Ali İmran suresi 179. ayeti okunuşu , Ayet kelimesinin türkçe karşılığı.
﴿مَا كَانَ اللّٰهُ لِيَذَرَ الْمُؤْمِن۪ينَ عَلٰى مَٓا اَنْتُمْ عَلَيْهِ حَتّٰى يَم۪يزَ الْخَب۪يثَ مِنَ الطَّيِّبِۜ وَمَا كَانَ اللّٰهُ لِيُطْلِعَكُمْ عَلَى الْغَيْبِ وَلٰكِنَّ اللّٰهَ يَجْتَب۪ي مِنْ رُسُلِه۪ مَنْ يَشَٓاءُ فَاٰمِنُوا بِاللّٰهِ وَرُسُلِه۪ۚ وَاِنْ تُؤْمِنُوا وَتَتَّقُوا فَلَكُمْ اَجْرٌ عَظ۪يمٌ ﴾ [آل عمران: 179]
ayet arapça & türkçe okunuşuMâ kâna(A)llâhu liyeżera-lmu/minîne ‘alâ mâ entum ‘aleyhi hattâ yemîze-lḣabîśe mine-ttayyib(i)(k) vemâ kâna(A)llâhu liyutli’akum ‘alâ-lġaybi velâkinna(A)llâhe yectebî min rusulihi men yeşâ/(u)(c) feâminû bi(A)llâhi verusulih(i)(c) ve-in tu/minû vetettekû felekum ecrun ‘azîm(un) [Ali İmran: 179]
Meal Kur'an-ı Kerim - Diyanet
Allah inananları sizin durumunuzda bırakacak değildir, temizi pisten ayıracaktır. Allah size gaybı bildirecek değildir; fakat Allah peygamberlerinden dilediğini seçip, ona gaybı bildirir. Artık Allah'a ve peygamberlerine inanın; inanır ve sakınırsanız size büyük ecir vardır. [Ali İmran: 179]
Ali İmran Suresi 179. ayet tefsiri
Allah Teâlâ, hayatın var ediliş gayesine uygun olarak devam etmesi için koyduğu sosyolojik kanunlar gereği insanları oldukları hâl üzere bırakmaz; ihlâslı mü’minlerle münafıkların birbirinden fark edilmeyecek şekilde belirsiz yaşamasını ve aynı haklara sahip olup eşit şekilde muamele görmesini istemez. Çünkü bu hâl mü’minlere zarar vermektedir. Kimin samimî kimin sahtekâr olduğunu bilemediklerinden çeşitli fitne ve zararlara mâruz kalırlar. Bu sebeple Cenâb-ı Hak mü’minlerin içindeki kötü niyetli îmansızları belli edip ortaya çıkarmak sûretiyle gerçek mü’minleri rahatlatır.

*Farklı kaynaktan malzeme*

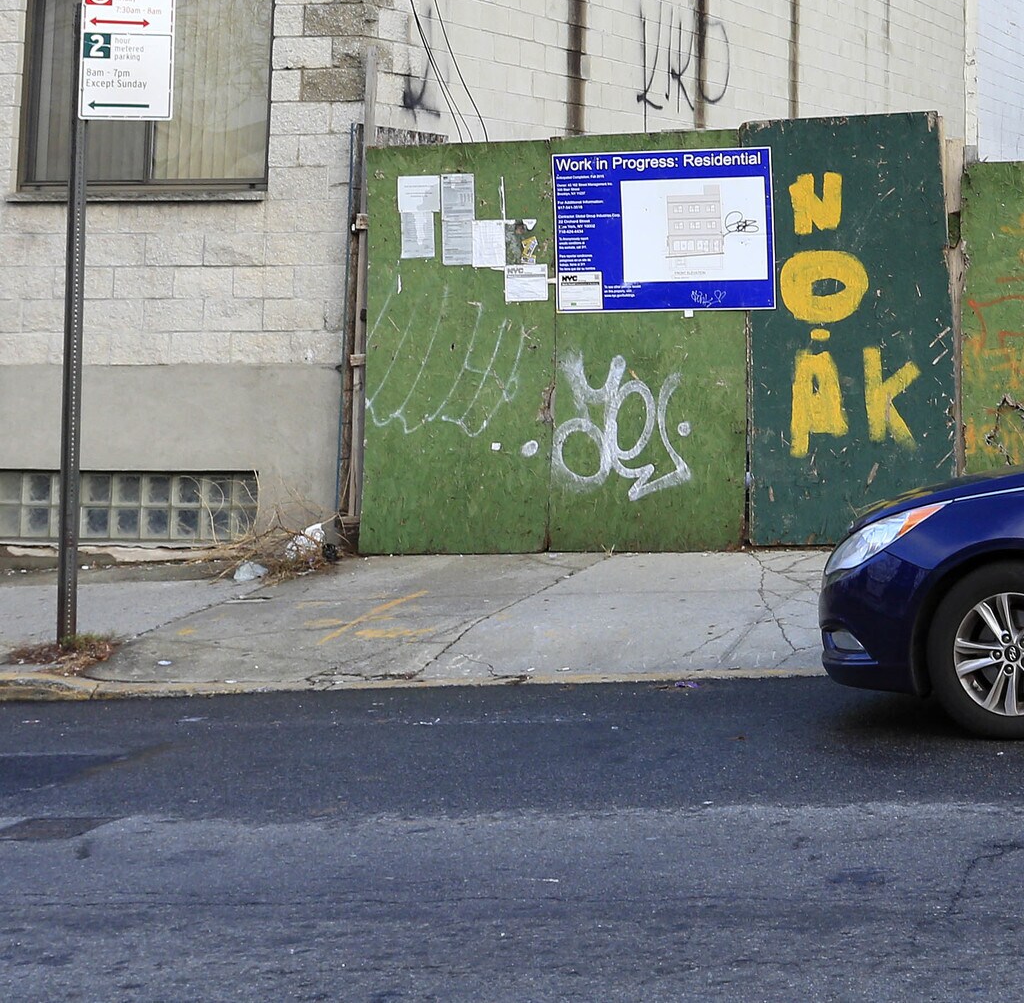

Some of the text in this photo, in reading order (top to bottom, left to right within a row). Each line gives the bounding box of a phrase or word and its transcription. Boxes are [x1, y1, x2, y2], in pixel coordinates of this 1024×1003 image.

[116, 5, 140, 14] 7:30am
[148, 7, 162, 15] 8am
[90, 35, 104, 57] 2
[114, 45, 144, 53] metered
[114, 53, 140, 61] parking
[86, 69, 104, 77] 8am
[114, 69, 130, 79] 7pm
[86, 79, 147, 89] Except Sunday
[556, 152, 761, 172] Work in Progress: Residential

Diğer taraftan îman etmenin de bir bedeli vardır. Bu bedeli ödemeleri için Cenâb-ı Hak müslümanları hep aynı minval üzere yaşatmaz. Onları bir takım imtihanlara tâbî tutar ve çeşitli zorluklarla yüz yüze getirir. Nitekim âyet-i kerîmelerde şöyle buyrulur:
“ İnsanlar, hiç imtihana tâbi tutulmadan, sadece “İnandık! ” demekle bırakılıvereceklerini mi sandılar? Gerçek şu ki biz, onlardan öncekileri de imtihan ettik. Böylece Allah, doğru söyleyenleri de ortaya çıkaracak, yalancıları da elbette ortaya çıkaracaktır.” ( Ankebût 29/2-3 )

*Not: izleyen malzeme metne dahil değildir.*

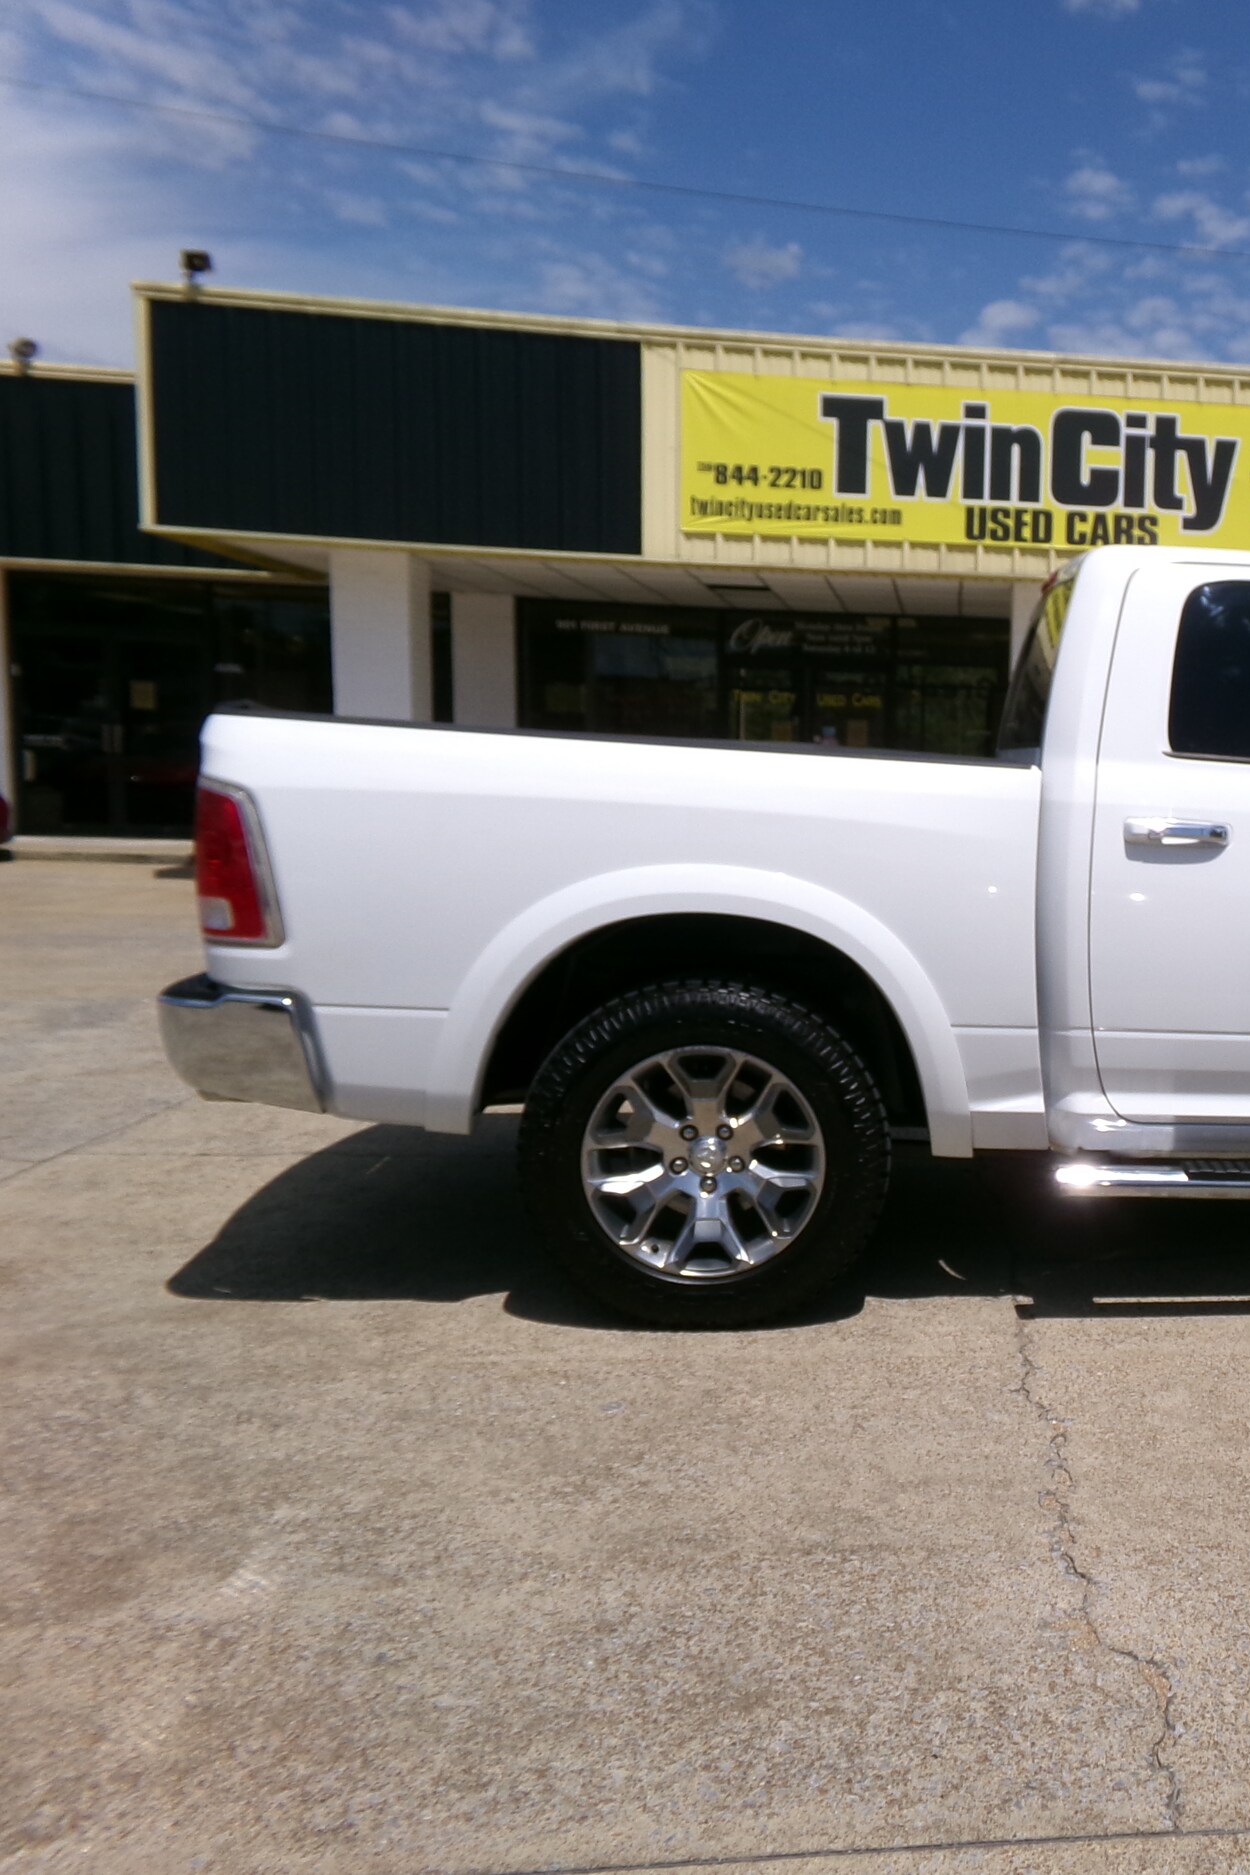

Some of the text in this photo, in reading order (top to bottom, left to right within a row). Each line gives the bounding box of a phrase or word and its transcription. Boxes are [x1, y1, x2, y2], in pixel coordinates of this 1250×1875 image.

“ Yoksa siz, Allah içinizden cihad edenleri ve dâvası uğrunda sabredip direnenleri ortaya çıkarmadan kolayca cennete girivereceğinizi mi sandınız? ” ( Âl-i İmrân 3/142. bk. Tevbe 9/16 )

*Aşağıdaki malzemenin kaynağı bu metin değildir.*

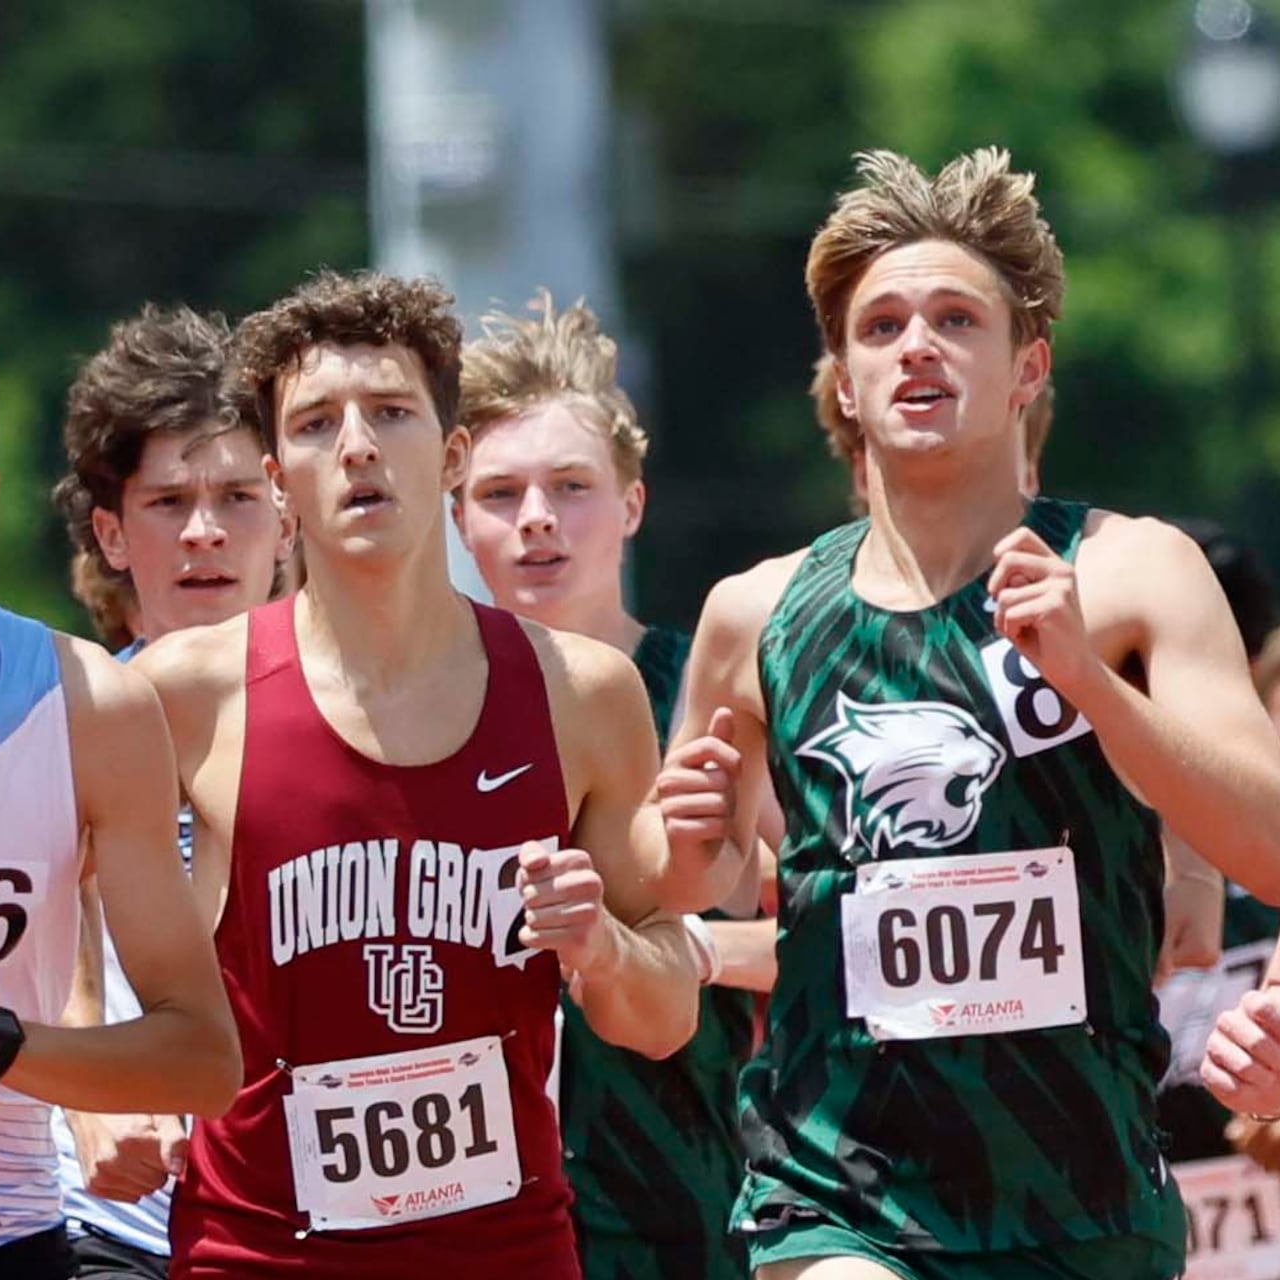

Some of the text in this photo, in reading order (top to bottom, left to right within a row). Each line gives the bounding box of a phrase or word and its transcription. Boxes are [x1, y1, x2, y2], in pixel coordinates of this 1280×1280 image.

[1003, 647, 1078, 739] 8
[268, 839, 398, 966] UNION
[408, 839, 495, 948] GRO
[878, 897, 1064, 987] 6074
[962, 1000, 1023, 1017] ATLANTA
[315, 1083, 497, 1182] 5681
[405, 1182, 464, 1205] ATLANTA
[1187, 1192, 1273, 1251] 71

Cenâb-ı Hakk’ın bu tür imtihanları olmasaydı insanların ne olduğunu anlamak mümkün olmaz, İslâm toplumu arınıp durulmazdı. Zira Allah Teâlâ, pek çok hikmetlere binâen insanları gaybî bilgilere nüfuz edip onları öğrenmelerine müsaade etmemiştir. Dolayıısyla insanlar gaybı bilemezler. Kesin bir şekilde “ Şunun kalbinde şöyle duygular var, şu cennetlik şu da cehennemliktir ” gibi söz ve düşüncelere sahip olamazlar. Aynı şekilde, başlarına gelen olayların hikmet ve sebebini de çoğu zaman açıkça bilemezler. Ancak Allah Teâlâ peygamberlerinden dilediğine gerektiği ölçüde bu tür bilgiler verir. ( bk. Cin 72/26-27 )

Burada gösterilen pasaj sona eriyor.